**WHAT IS REQUIRED:** Down to the last word, output the records below, skipping any images.

**RECORDS SUPPLIED:**
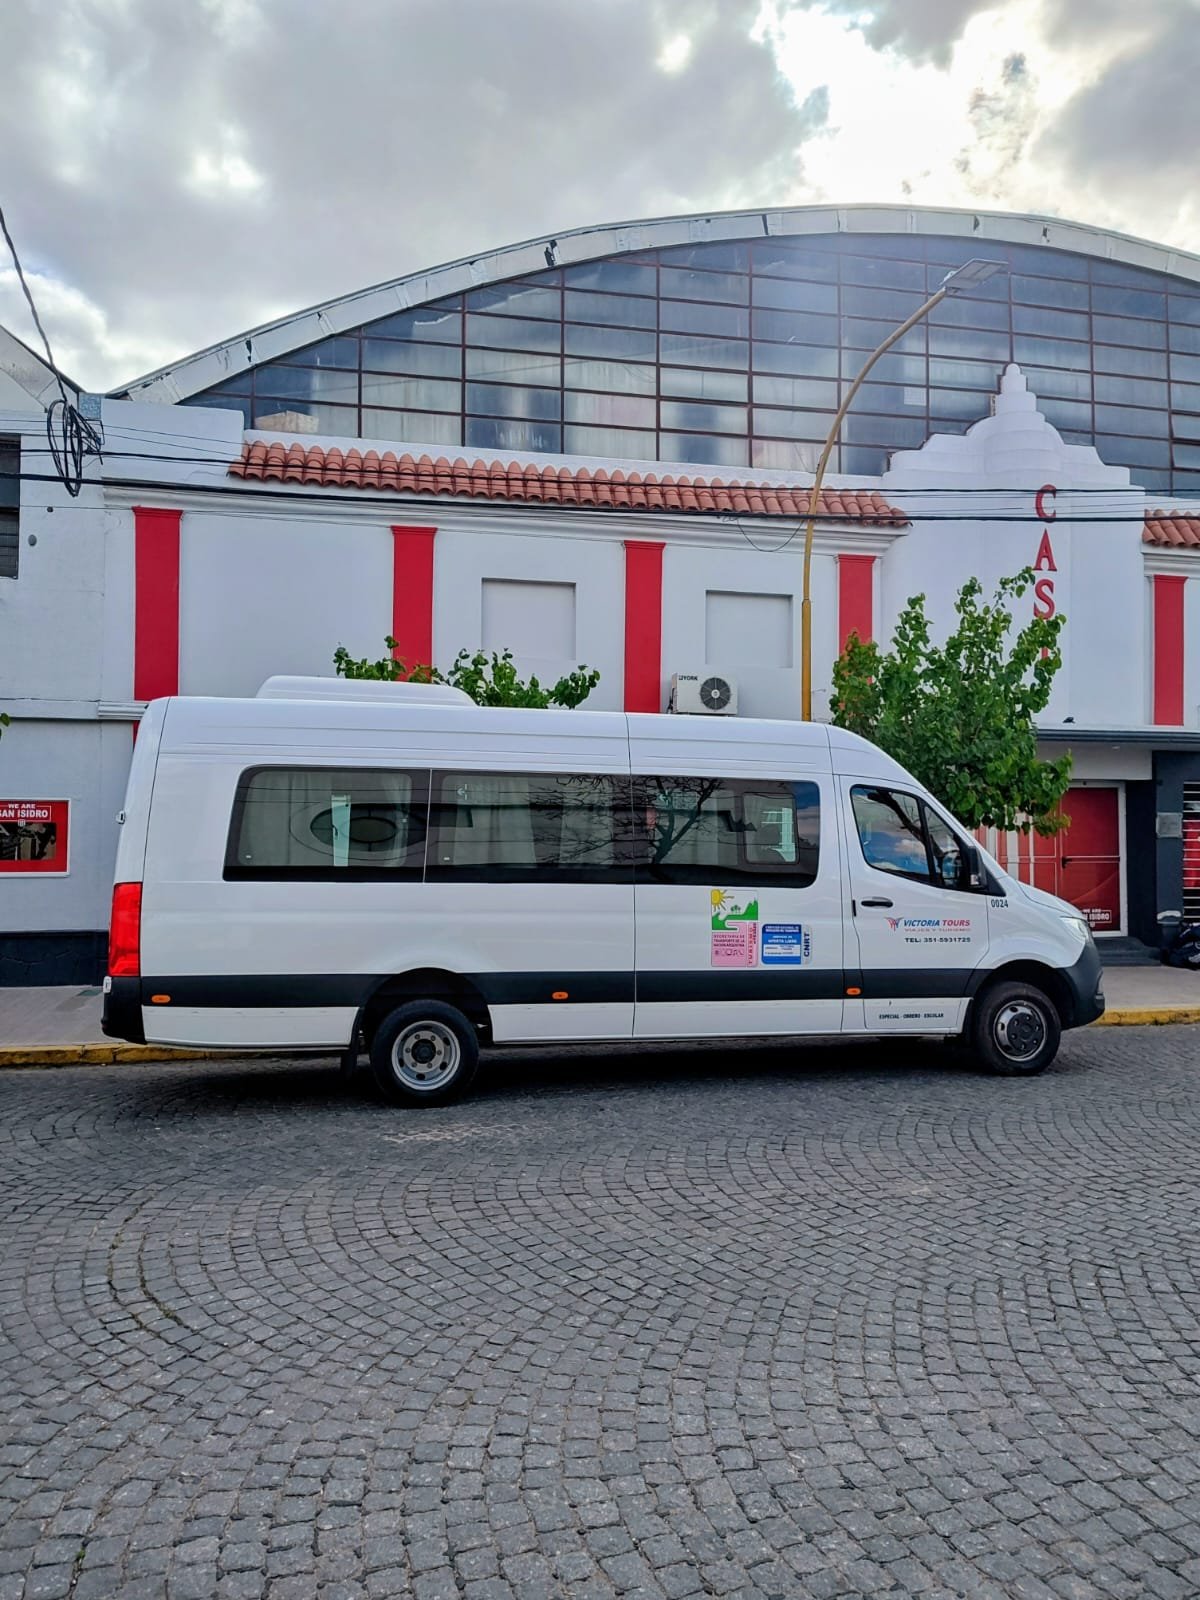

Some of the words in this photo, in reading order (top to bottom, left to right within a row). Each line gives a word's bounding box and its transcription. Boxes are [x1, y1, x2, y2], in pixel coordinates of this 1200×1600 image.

[1032, 484, 1057, 662] CAS
[17, 809, 48, 818] ISIDRO
[991, 899, 1009, 908] 0024
[903, 919, 940, 927] VICTORIA
[942, 919, 970, 927] TOURS
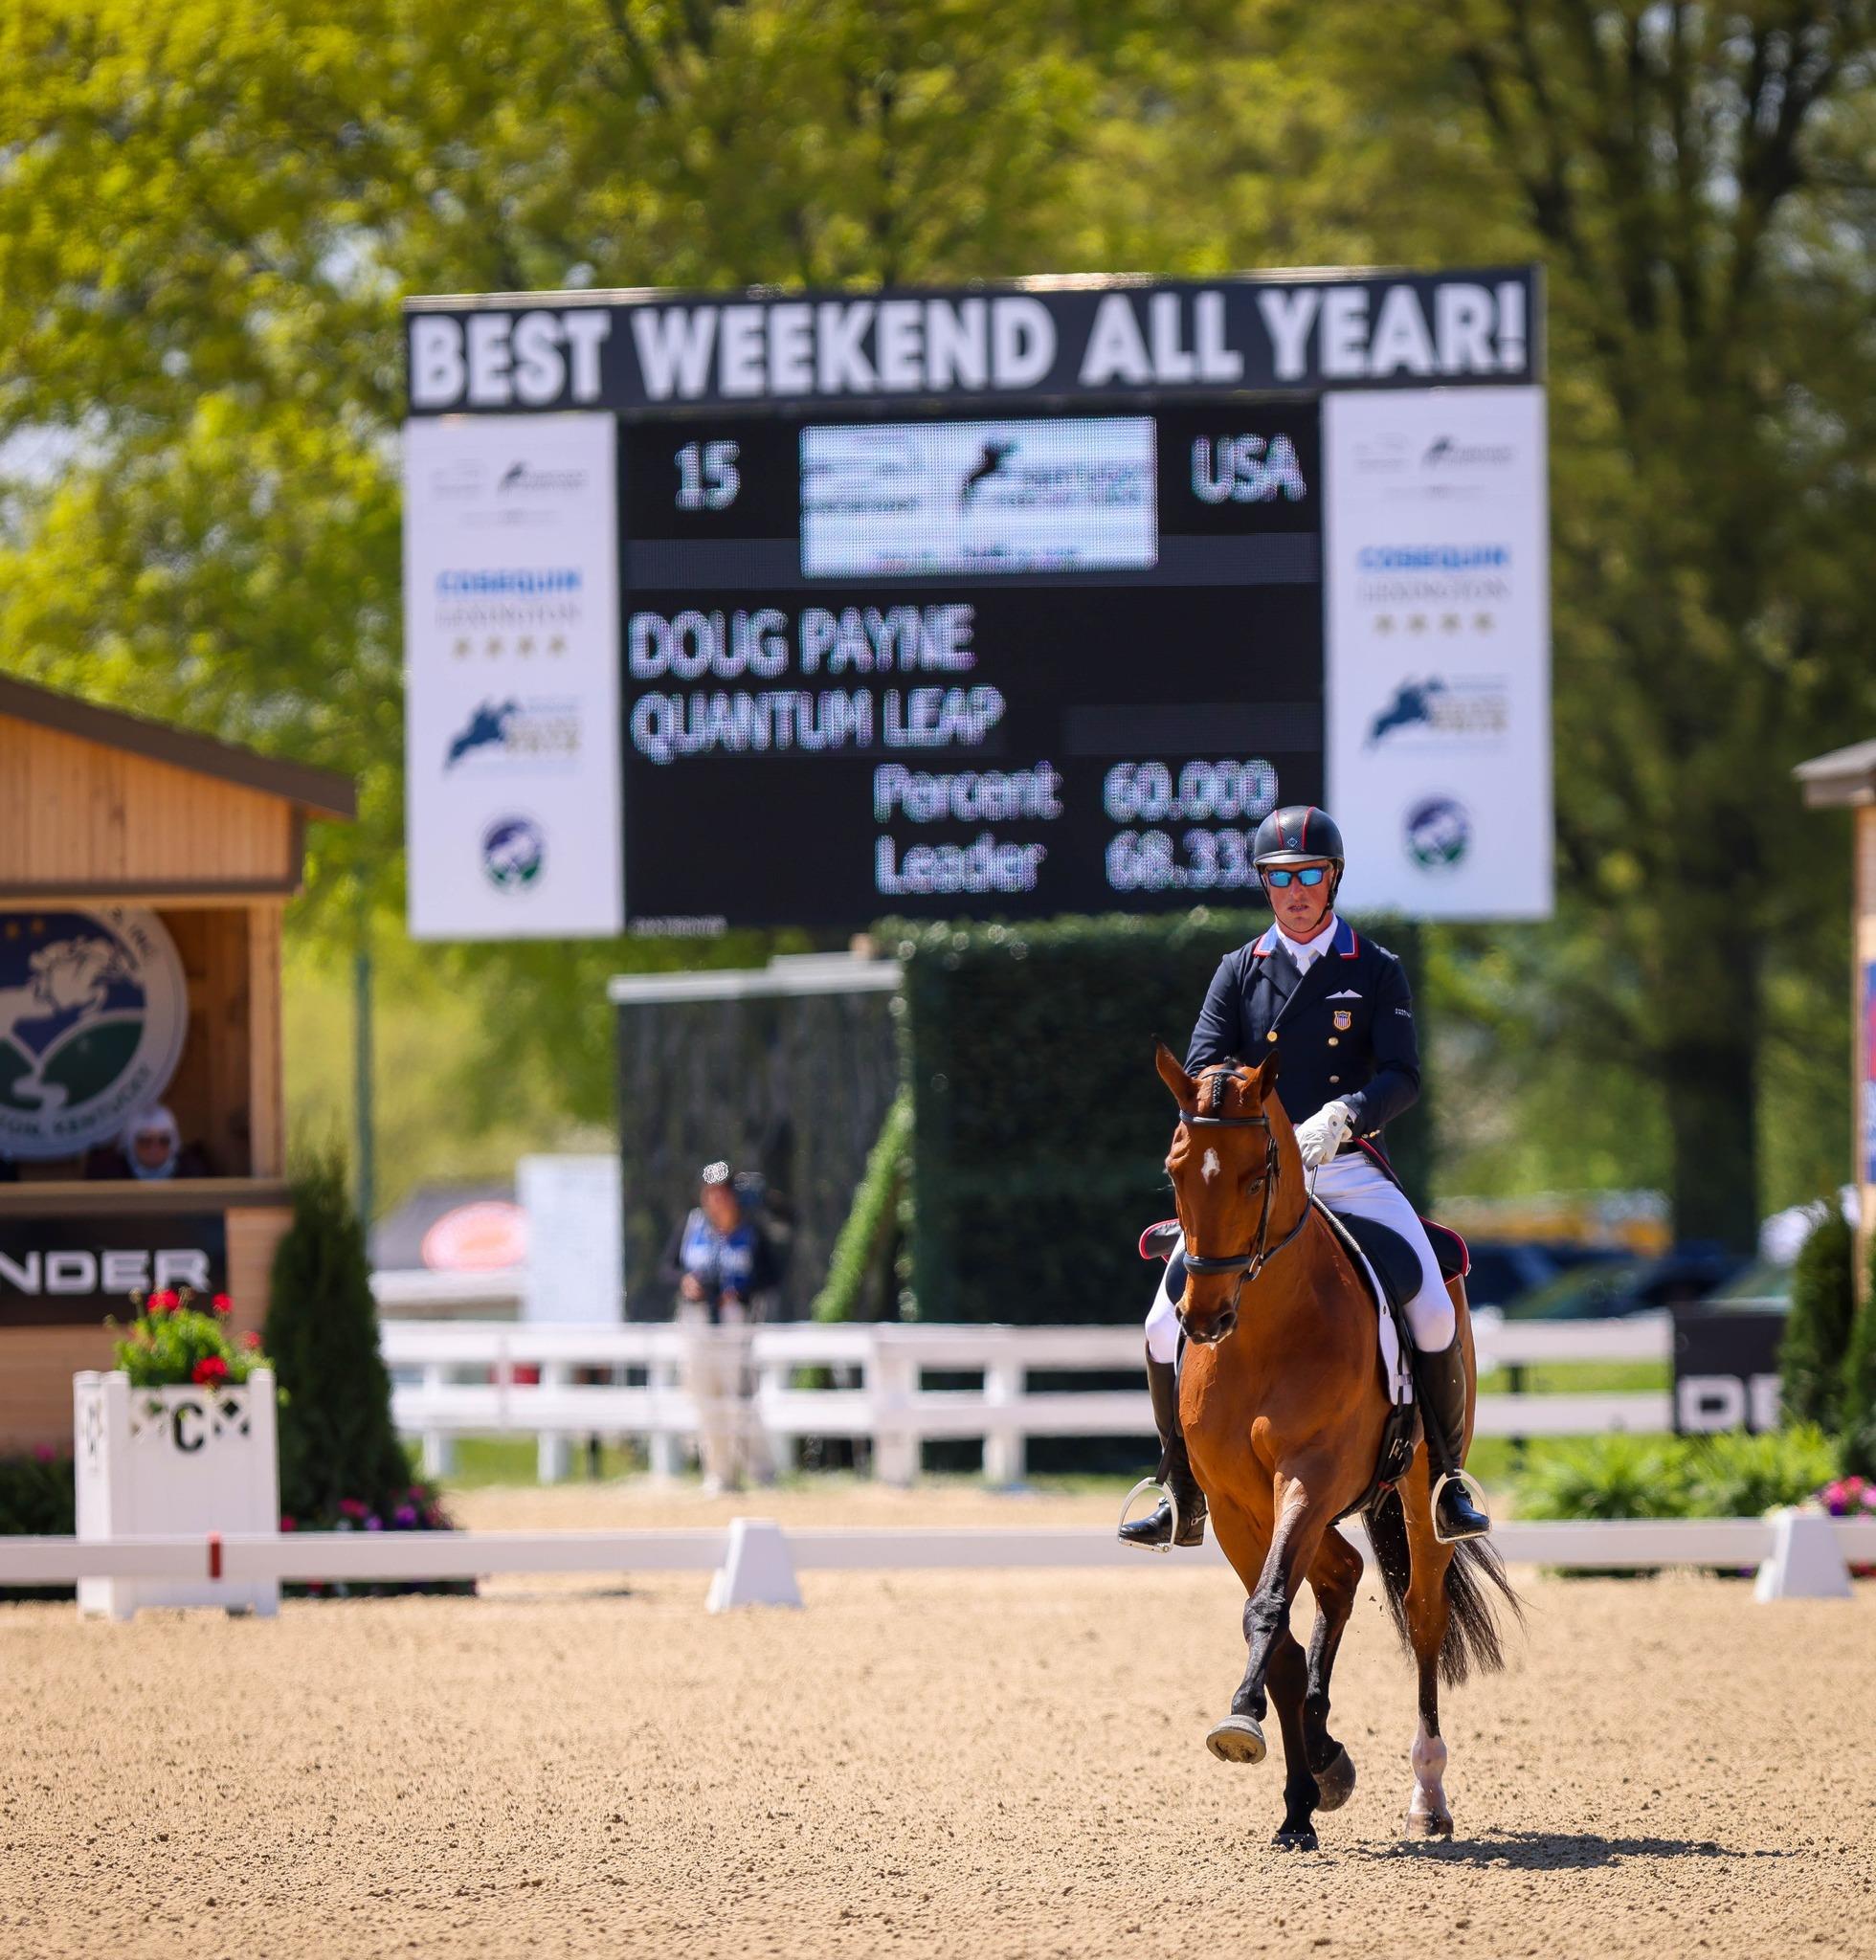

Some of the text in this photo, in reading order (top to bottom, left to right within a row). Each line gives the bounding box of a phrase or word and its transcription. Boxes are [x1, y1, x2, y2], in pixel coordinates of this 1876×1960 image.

[410, 281, 1527, 409] BEST WEEKEND ALL YEAR!
[674, 439, 741, 511] 15
[1192, 434, 1306, 504] USA
[628, 604, 974, 679] DOUG PAYNE
[630, 687, 874, 766] QUANTUM
[882, 682, 1006, 748] LEAP
[873, 759, 1280, 823] Percent 60.000
[874, 831, 1048, 896] Leader
[172, 1400, 205, 1453] C
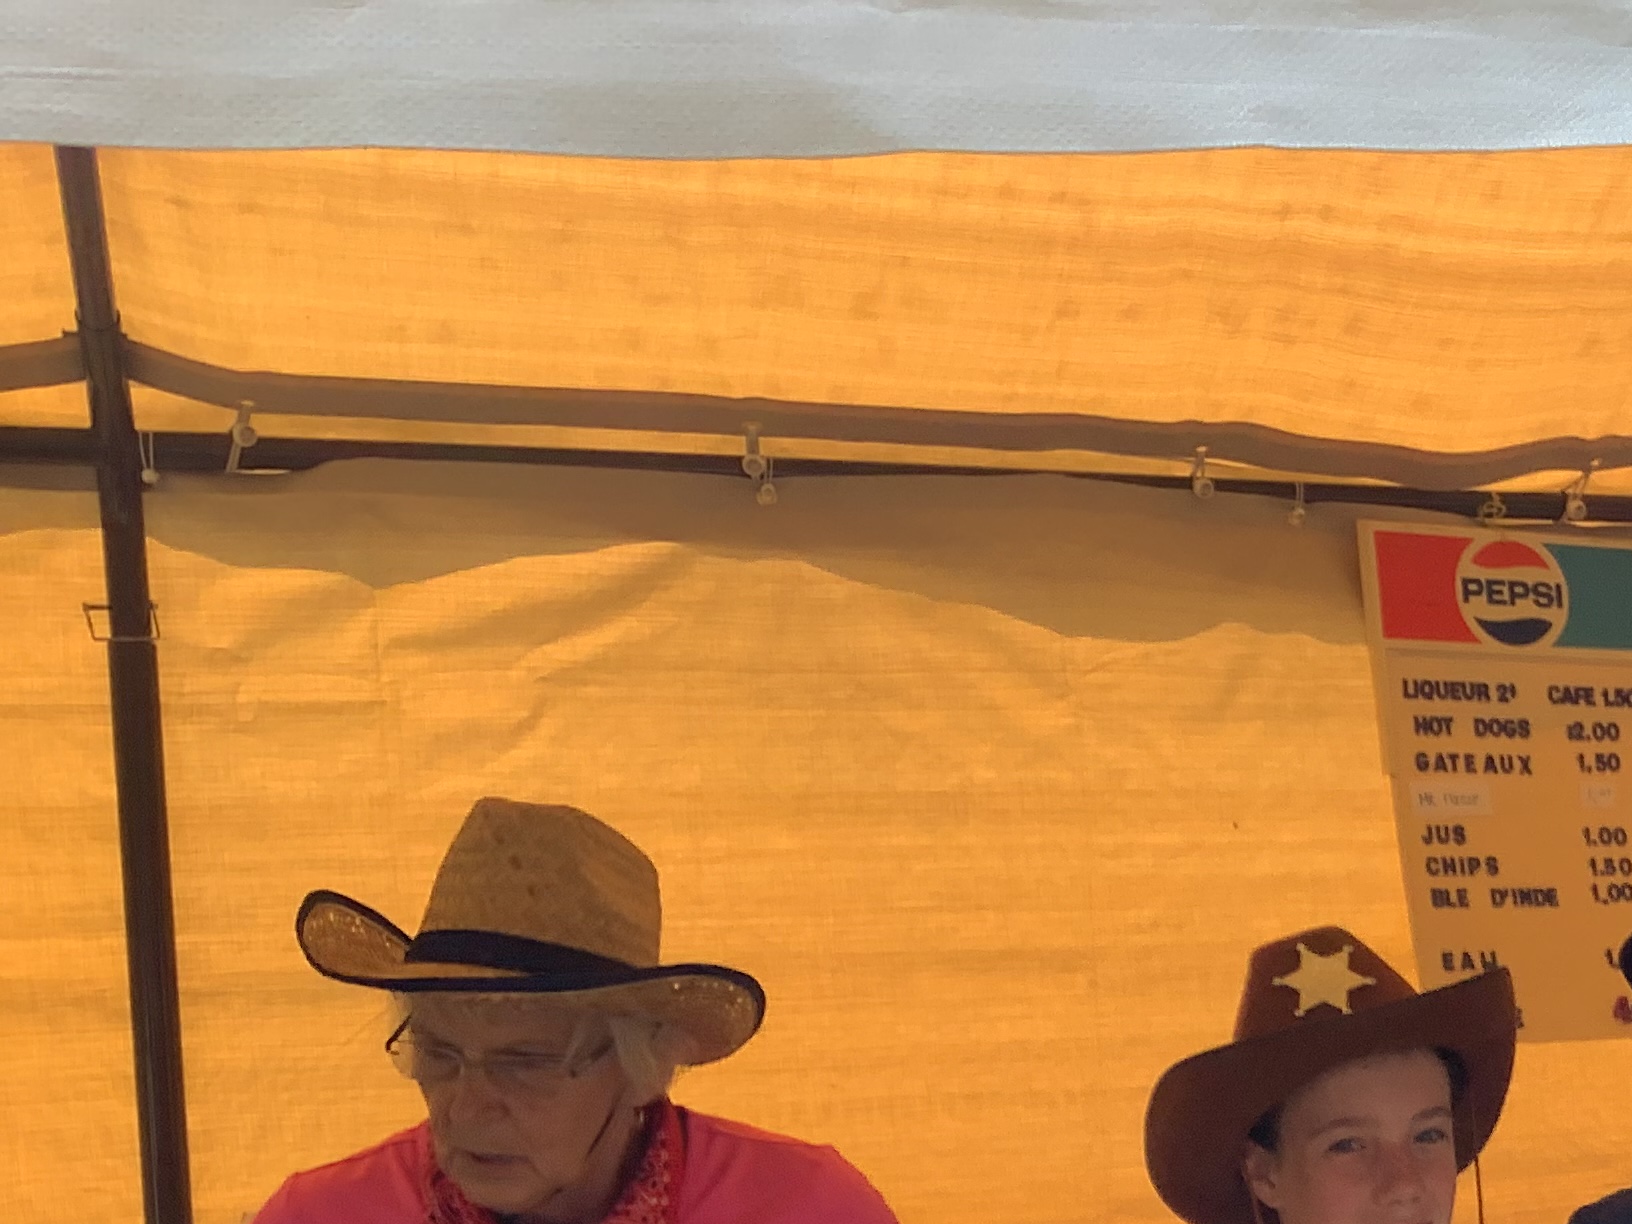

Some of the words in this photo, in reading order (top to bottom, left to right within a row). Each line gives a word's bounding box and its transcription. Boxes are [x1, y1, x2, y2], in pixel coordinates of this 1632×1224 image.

**TASK ANSWER:**
Some of the words in this photo, in reading order (top to bottom, left to right within a row). Each line gives a word's bounding box and its transcription. Boxes are [x1, y1, x2, y2], in pixel coordinates of this 1200×1600 image.

[1032, 484, 1057, 662] CAS
[17, 809, 48, 818] ISIDRO
[991, 899, 1009, 908] 0024
[903, 919, 940, 927] VICTORIA
[942, 919, 970, 927] TOURS

Some of the text in this photo, in reading order (top to bottom, left to right within a row). Each line gives the bounding box of a phrase or word and its transcription. Boxes are [x1, y1, x2, y2], in pixel coordinates of this 1876×1960 image.

[410, 281, 1527, 409] BEST WEEKEND ALL YEAR!
[674, 439, 741, 511] 15
[1192, 434, 1306, 504] USA
[628, 604, 974, 679] DOUG PAYNE
[630, 687, 874, 766] QUANTUM
[882, 682, 1006, 748] LEAP
[873, 759, 1280, 823] Percent 60.000
[874, 831, 1048, 896] Leader
[172, 1400, 205, 1453] C

Some of the words in this photo, in reading order (top to bottom, left to right within a row). Each line gives a word's bounding box and its transcription. Boxes are [x1, y1, x2, y2], in pixel coordinates of this 1632×1224 image.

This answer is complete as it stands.